Fig. 1. Scheme of the ozone generator, 1, 2 – mesh electrodes, 3 – dielectric, 4- discharge gap, 5- transparent Teflon housing, 7 - air inlet, 6 - ozone outlet, 8- magnifying glass.

Table 1. Experimental conditions

Parameter Setting used

Electrode diameter, mm 50

Discharge gap, mm 1 – 5

Dielectric thickness, mm 0.025, 0.05, 0.075

Flow rate, L·min-1 0.5 – 2

Gas pressure, atm 1

Material gas Synthetic air

Supply voltage value

and frequency 0 – 10 kV, 50 Hz

The experimental set-up consisted of 50 Hz, 230/10000 V transformer with regulated by autotransformer voltage, gas flow meter (EL-FLOW F-202AV-AAD-44-V) and its controller (E-7400-10-01-01-AAA) both produced by Bronkhorst®, as well as ozone monitor BMT 961TC. The applied voltage, discharge current and their courses were measured by a high voltage probe (P6015A) with oscilloscope Tektronix TDS 380, 400MHz, and 2GS/s. The electrical power to the discharge was measured by the voltage-charge Lissajous’s figures - signal proportional to the charge was taken from 0.51μF capacitor connected in series with reactor. Conditions of the experiments are gathered in Table 1.

Results and discussion

Discharges in the configuration with dielectric barrier usually consists of a great number of more or less uniformly distributed filaments in parallel, while atmospheric pressure glow discharges (APGD) are characterized by single current pulse per half period of the AC supply voltage [5], [7], [8]. In the plasma process of sensitive material treatment, local energy of the discharge filament can disadvantageously influence or even damage material structure due to non-uniform heat distribution at its surface. At some conditions, in the same electrode configuration with dielectric barrier, two kinds of discharges can be generated and sometimes they are called as type 1 and type 2 discharges [5]. To stabilize and make the atmospheric pressure glow discharges homogenous the three basic conditions should be satisfied: (i) the presence of solid dielectric material between discharge electrodes, (ii) the suitable kinds of dilution gases passing the discharge gap, (iii) the power supply frequency over 1 kHz [6], [8]. It is relatively easy to generate APGD in such gases like helium, neon and their mixtures, even at 50/60Hz mains frequency of power supply voltage, but in the case of air, nitrogen or argon transition the glow into filamentary discharge is usually observed. Not only the kind of gas but also the mesh electrodes’ presence facilitates generation the APGD and makes discharges more homogenous [7]. As investigations in [9] show, the discharge energy at the presence of mesh electrode is higher than for flat one and the stability of the discharge for fine mesh is much better. Also, the porous or fibrous dielectric can play similar roles to mesh electrode. The purpose of the presented investigations is to check the influence of mesh electrode together with fibrous dielectric on the possibility to generate the atmospheric pressure glow discharges in such a configuration.

70

Fig. 3. Picture of the reactor (a) and gap with the discharge (b); gap lenght - 4 mm, gas flow rate 0.5 l/min, air.

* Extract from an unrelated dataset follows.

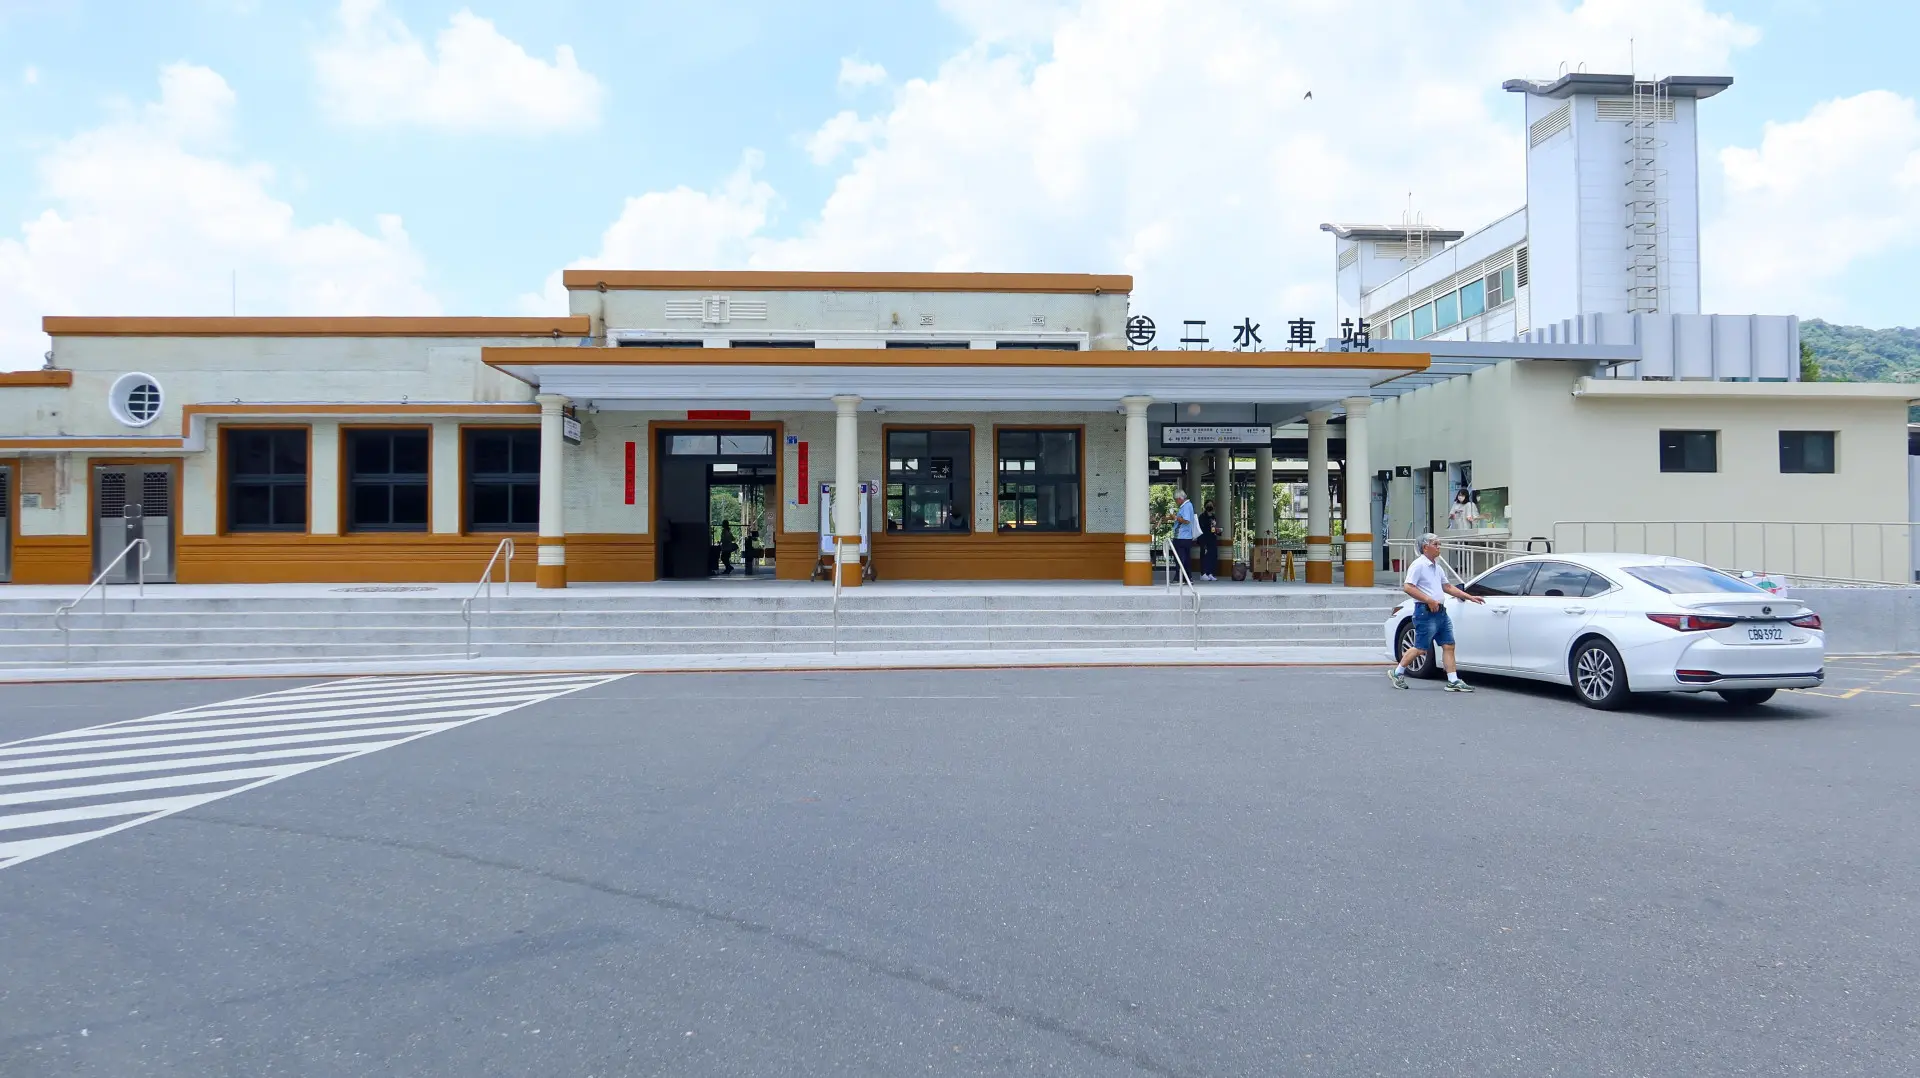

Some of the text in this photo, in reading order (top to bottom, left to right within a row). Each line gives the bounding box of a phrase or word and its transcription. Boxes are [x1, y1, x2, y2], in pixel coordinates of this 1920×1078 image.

[1180, 317, 1371, 349] 二水車站
[930, 465, 950, 474] 二水

Fig. 4. Waveform of voltage and current of the discharge in the reactor with glass wool packing in air, gap lenght – 3 mm, flow rate- 1l/min.

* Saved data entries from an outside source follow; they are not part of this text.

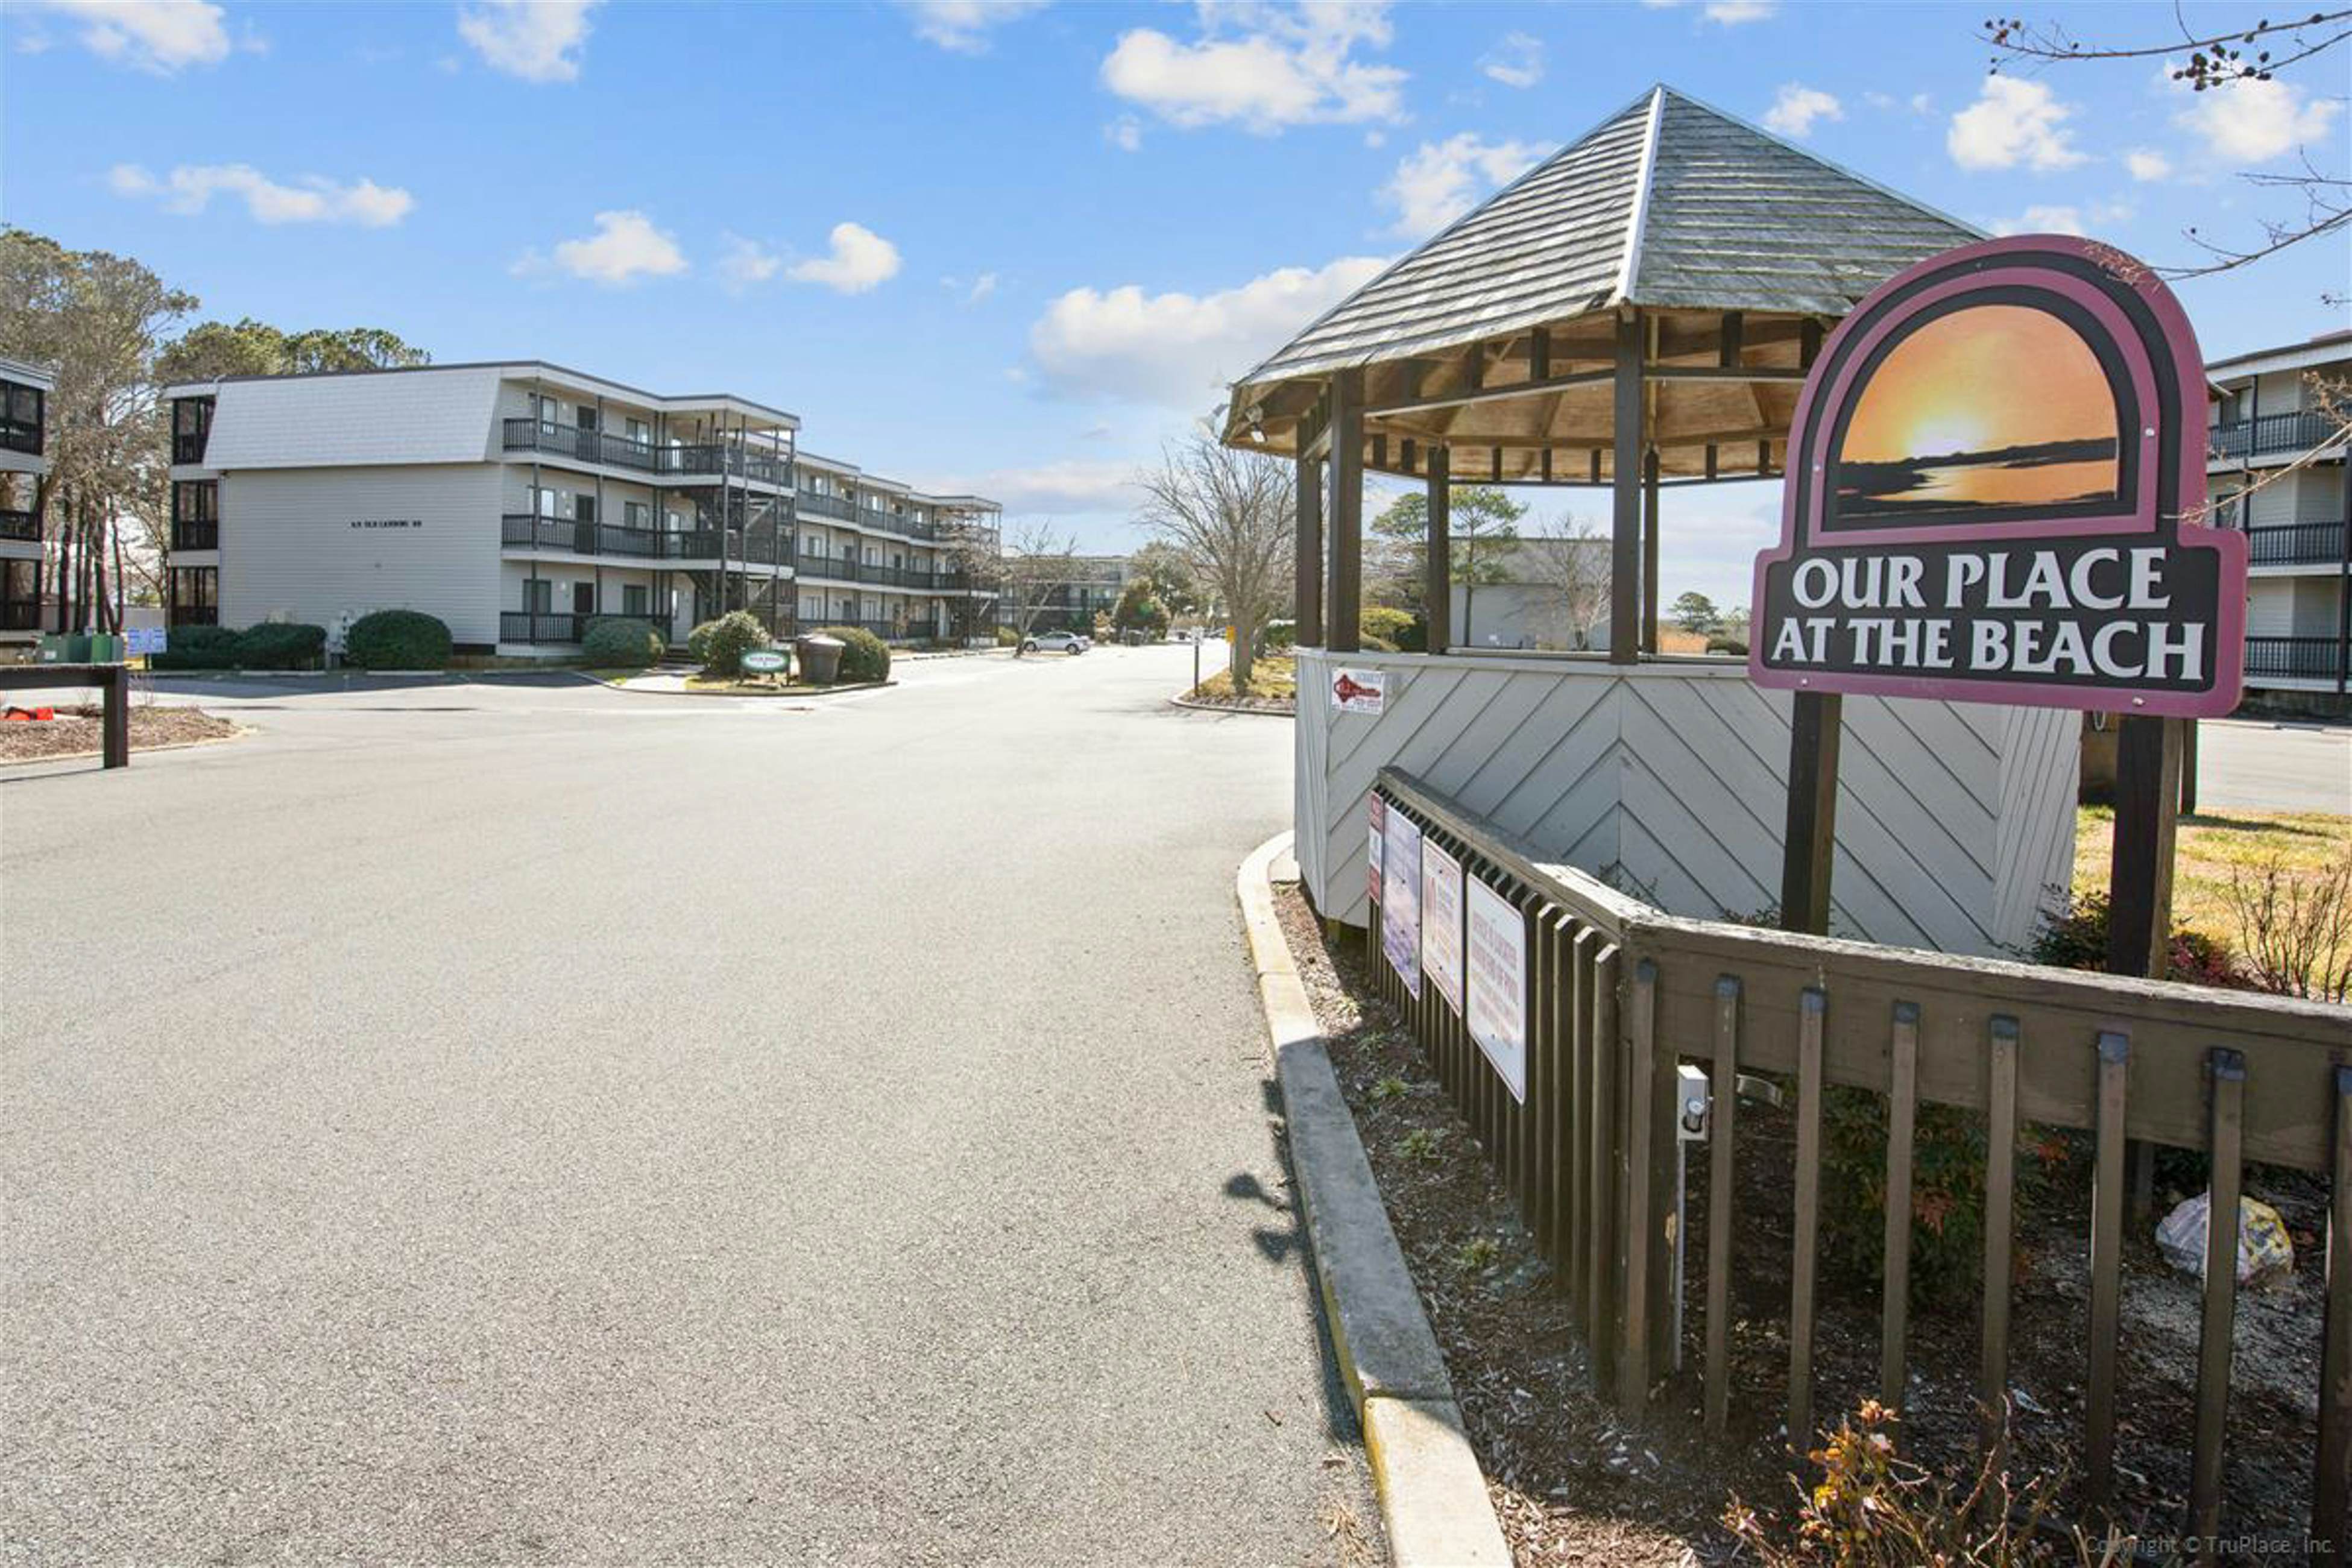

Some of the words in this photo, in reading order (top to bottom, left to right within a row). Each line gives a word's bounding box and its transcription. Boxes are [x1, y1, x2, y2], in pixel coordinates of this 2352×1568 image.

[1792, 556, 1927, 608] OUR
[1944, 547, 2171, 609] PLACE
[1771, 618, 1836, 663] AT
[1847, 619, 1953, 668] THE
[1970, 620, 2204, 680] BEACH

The discharge observed in the investigated reactor (Figure 3) is like the mixture of barrier discharges and atmospheric pressure glow discharges, which homogenously fill up the gap. The surface discharges have been additionally observed in the presence of the glass wool packing. The discharge is more homogenously distributed in lesser gap. For gaps longer than 5 mm, the sparks have started to occur on the electrodes’ edges, where electric field is not uniformly distributed. Voltage and current waveforms of the discharge are presented in Figure 4 and the Lissajous figures for the reactor with and without glass wool packing are shown in the Figure 5. Figure 4 shows that the polarity of supply voltage influences the positive and negative half cycles of current’s course. That could be explained by different affect of the negative and positive charges on the fibers of the glass wool dielectric packing. The presence of glass wool packing in the discharge gap cause not only the increase of discharge intensity but also increase of power delivered to the discharge, as it can be seen in Figure 5, what is more, it is confirmed by bigger surface of the Lissajous figure. In the paper [9] the bigger surface of the Lissajous figure is also explained by the influence of resistive losses that occur due to partial discharges at the fine mesh electrode. Fig. 5. Lissajous figures for reactor without (a) and with glass wool packing (b) for air at the same conditions of gas flow rate and electrode distance (0,5l/min, gap - 2 mm, 50 Hz, 0,51F series capacitance). As it can be observed from Figure 6, presenting relationship between the discharge power per unit electrode surface and value of the supply voltage, the biggest power density equal to 3500 W/m3 is possible to be obtained in the reactor with glass wool packing in comparison with 3000 W/m3 for reactor operating without glass wool packing at the same conditions.

71

Fig. 6. Discharge power per unit electrode surface versus supply voltage for air at flow rate of 0.5l/min, 50Hz.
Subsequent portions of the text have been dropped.